Although the constitution and law prohibit such practices, government officials received complaints and investigated alleged abuse by members of the security forces on the streets and in detention centers. As of September the NGO Center for the Prevention, Treatment, and Rehabilitation of Victims of Torture and their Families (CPTRT) reported one complaint against security forces for torture.

Prison and Detention Center Conditions

Prison conditions were harsh and sometimes life threatening due to pervasive gang-related violence and the government’s failure to control criminal activity within the prisons. Prisoners suffered from overcrowding, insufficient access to food and water, violence, and abuse by prison officials.

Physical Conditions: Prisoners suffered from severe overcrowding, malnutrition, lack of adequate sanitation and medical care, and, in some prisons, lack of adequate ventilation and lighting. The Ministry of Human Rights, Justice, Governance, and Decentralization reported that, as of Aug. 21, the total prison population was 18,950 in 27 prisons, a 10-percent increase over August 2016. According to the ministry, the system had designed capacity for approximately 10,600 inmates. This included two prisons that were opened in late 2016 with capacity for 1,600 inmates. In October and November, the government closed the San Pedro Sula prison and the Santa Barbara prison, two of the most overcrowded facilities and both located in city centers, and transferred the inmates to other facilities. Family members and NGOs complained that transfer to prisons farther away increased cost of visits and made it more difficult for prisoners to maintain family relationships. Local authorities were concerned about additional overcrowding and limited rehabilitation resources.

The National Prison Institute (INP) reported that as of Aug. 28, 23 male inmates had died in prison, 16 from natural causes, and seven from violence. The INP reported no deaths involving prison officials. In contrast, the quasi-governmental National Committee for the Prevention of Torture, Cruel, Inhuman, or Degrading Treatment (CONAPREV) reported that 19 prisoners died in altercations between inmates, three committed suicide, and four died from illness. In August and September, authorities discovered clandestine graveyards in the Tamara prison in areas controlled by MS-13 gang members following the transfer of gang leaders to a new high-security prison. Forensic authorities reported that some of the bodies had been buried more than four years.

As of August the Ministry of Human Rights, Justice, Governance, and Decentralization reported that the country’s four pretrial detention centers held 49 individuals. Three of these centers were on military installations, and the other was located at the HNP’s Special Operations Command (known as COBRAS). The government used pretrial detention centers to hold high-profile suspects and those in need of additional security. The military provided some support services to the three detention centers located on military bases, but neither administered them nor provided guards for the facilities. Instead, the INP oversaw them, as it did other prisons.

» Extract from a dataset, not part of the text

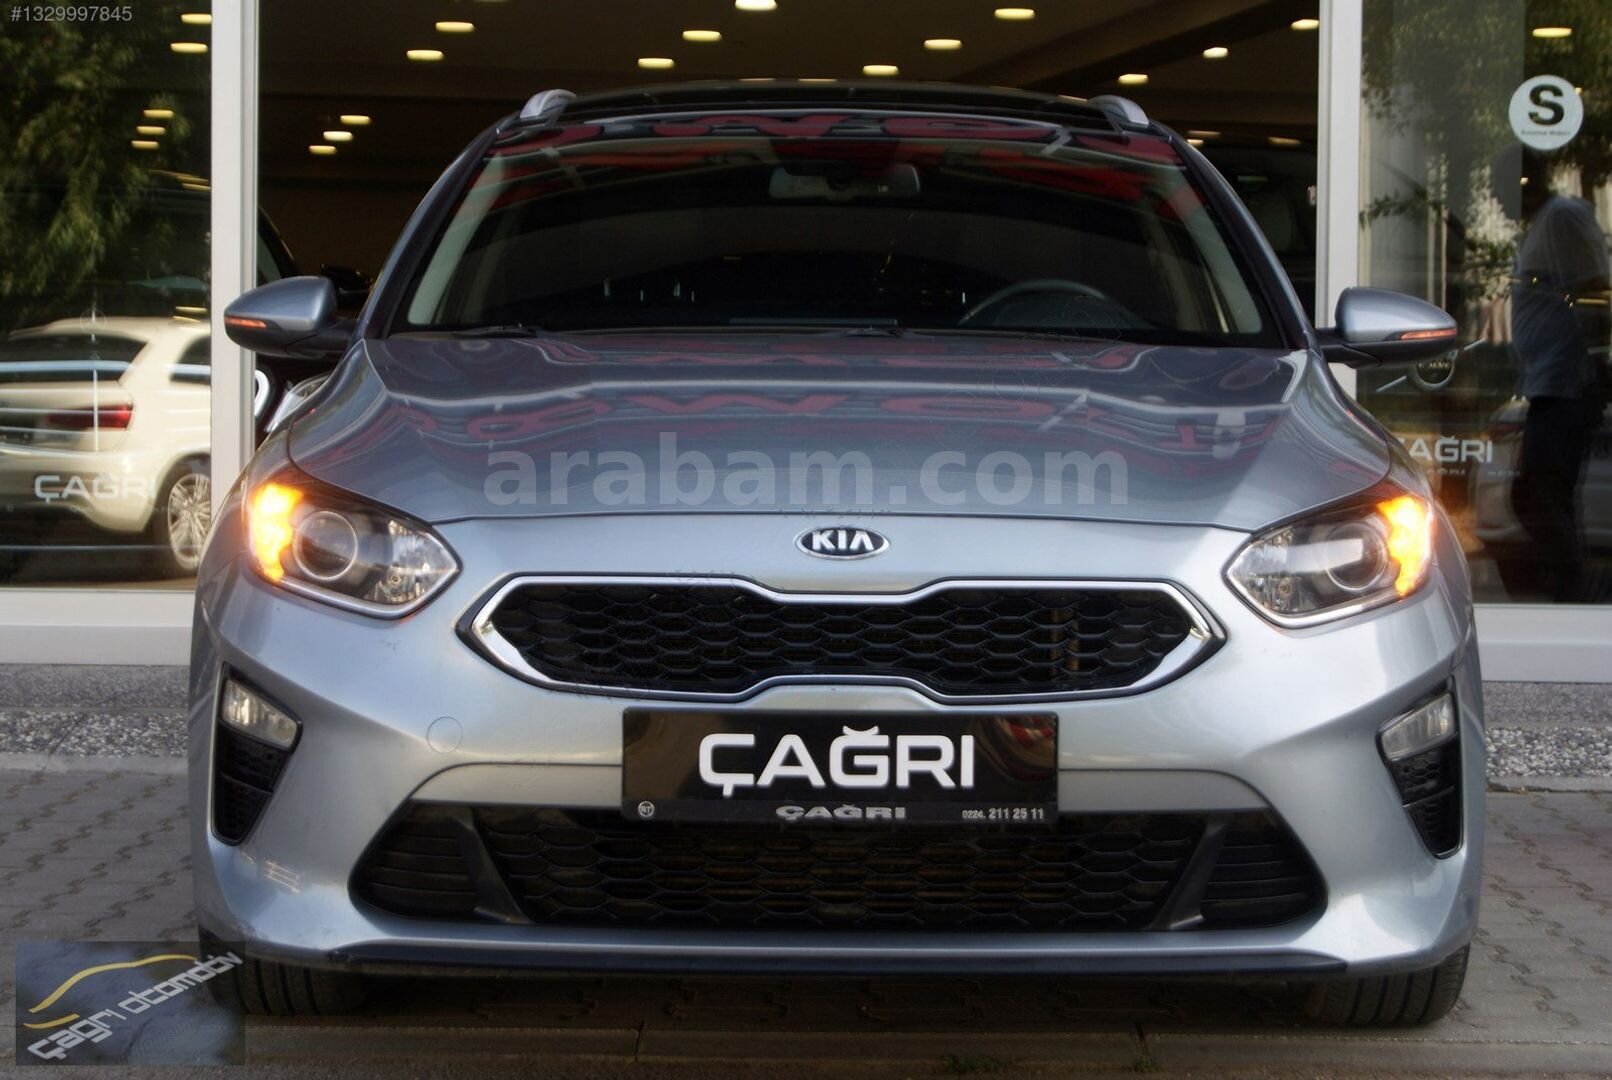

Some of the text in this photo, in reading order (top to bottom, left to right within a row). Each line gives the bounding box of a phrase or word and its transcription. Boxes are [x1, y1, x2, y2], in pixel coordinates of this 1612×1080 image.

Due to overcrowding and lack of adequate training for prison staff, prisoners were subjected to serious abuse. Prisons lacked trained personnel to safeguard the psychological and physical well-being of inmates, and some prisons lacked sufficient security personnel.

There was pervasive gang-related violence, and the government failed to control criminal activity within the prisons. Many prisoners had access to weapons and other contraband, inmates attacked other inmates with impunity, escapes were frequent, and inmates and their associates outside prison threatened prison officials and their families. These conditions contributed to an unstable, dangerous environment in the penitentiary system. Media reported multiple prison riots and violent confrontations between gang members in prisons throughout the year.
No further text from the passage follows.